Record set below:

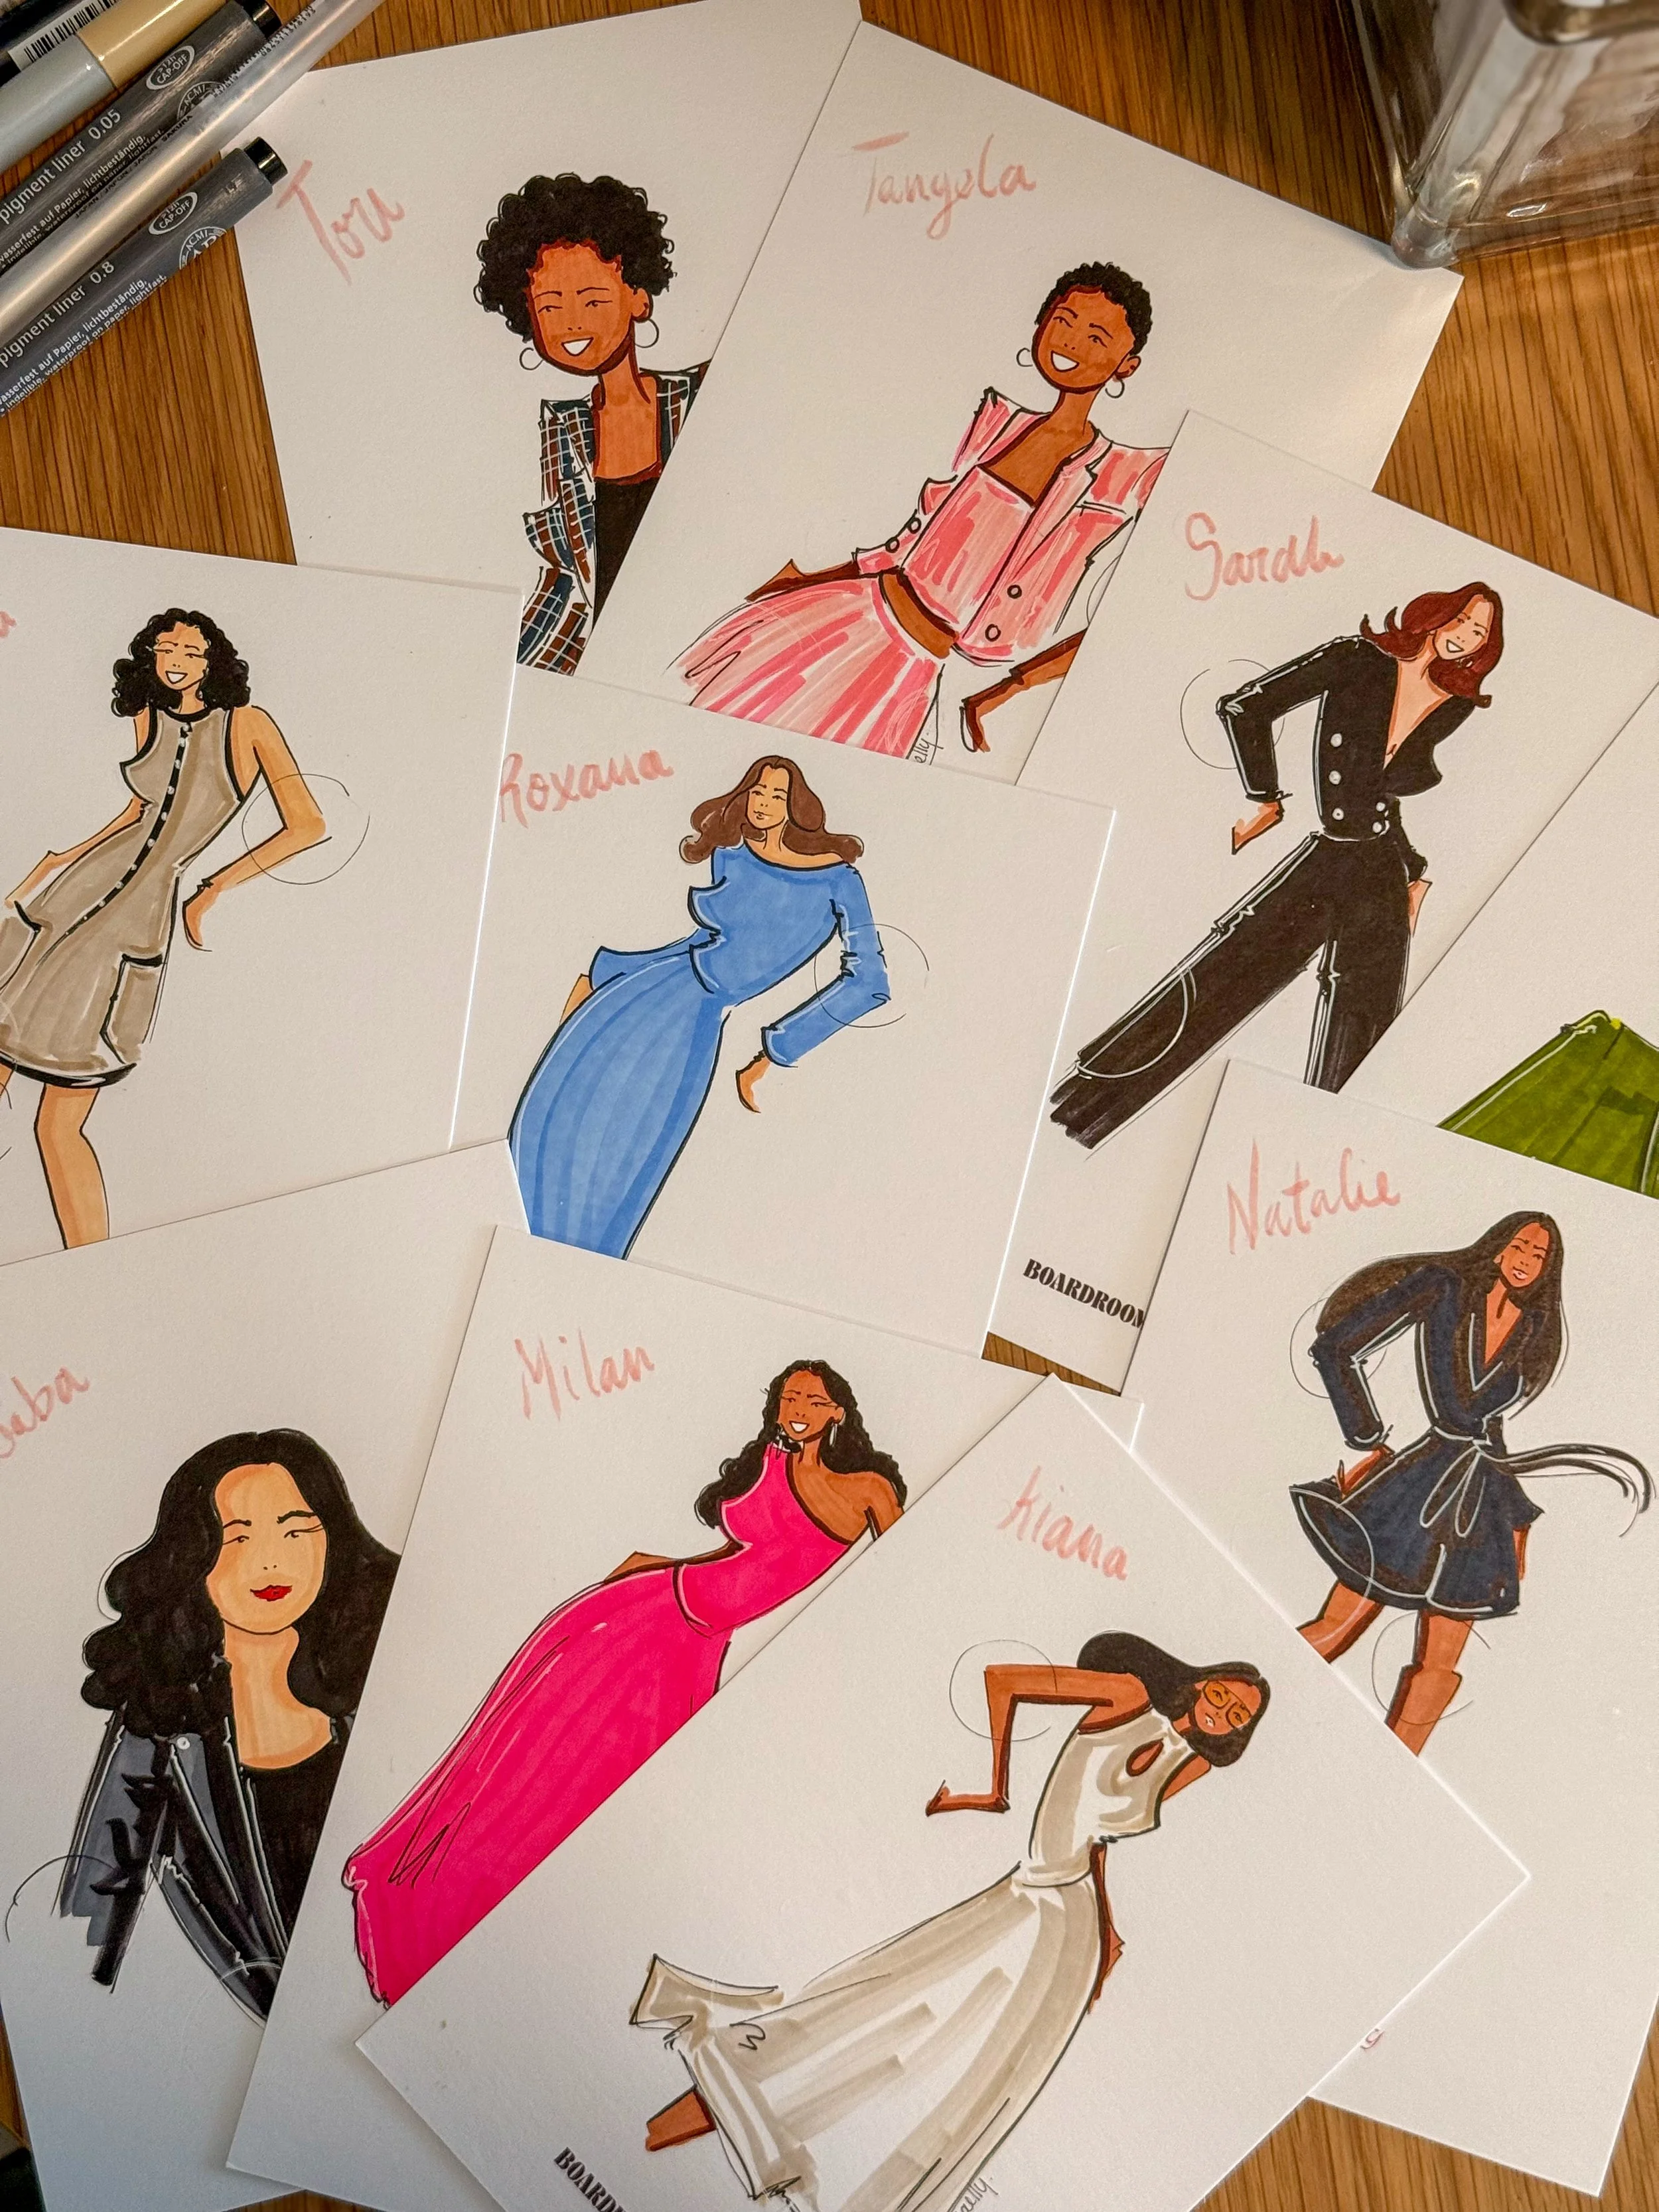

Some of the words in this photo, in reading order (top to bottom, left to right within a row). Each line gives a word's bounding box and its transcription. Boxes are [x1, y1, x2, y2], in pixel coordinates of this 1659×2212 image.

[157, 54, 187, 84] CAP-OFF
[0, 167, 56, 224] pigment
[52, 140, 86, 172] liner
[88, 109, 121, 140] 0.05
[40, 210, 54, 227] auf
[159, 200, 190, 228] CAP-OFF
[186, 230, 208, 252] ACMI
[0, 312, 56, 368] pigment
[52, 285, 86, 315] liner
[90, 261, 115, 284] 0.8
[0, 368, 39, 405] asserfest
[38, 352, 54, 371] auf
[53, 332, 84, 357] Papier,
[44, 334, 90, 376] waterproof
[1185, 512, 1345, 601] Sarah
[498, 749, 675, 829] Roxana
[1226, 1137, 1401, 1256] Natalie
[514, 1327, 655, 1422] Milan
[553, 2146, 626, 2212] BOARD

End of Record set.

Exactly what appears in the records above must be returned, apart from the pictures.

Task output:
Some of the words in this photo, in reading order (top to bottom, left to right within a row). Each line gives a word's bounding box and its transcription. Boxes are [x1, y1, x2, y2], in pixel coordinates of this 1659×2212 image.

[157, 54, 187, 84] CAP-OFF
[0, 167, 56, 224] pigment
[52, 140, 86, 172] liner
[88, 109, 121, 140] 0.05
[40, 210, 54, 227] auf
[159, 200, 190, 228] CAP-OFF
[186, 230, 208, 252] ACMI
[0, 312, 56, 368] pigment
[52, 285, 86, 315] liner
[90, 261, 115, 284] 0.8
[0, 368, 39, 405] asserfest
[38, 352, 54, 371] auf
[53, 332, 84, 357] Papier,
[44, 334, 90, 376] waterproof
[1185, 512, 1345, 601] Sarah
[498, 749, 675, 829] Roxana
[1226, 1137, 1401, 1256] Natalie
[514, 1327, 655, 1422] Milan
[553, 2146, 626, 2212] BOARD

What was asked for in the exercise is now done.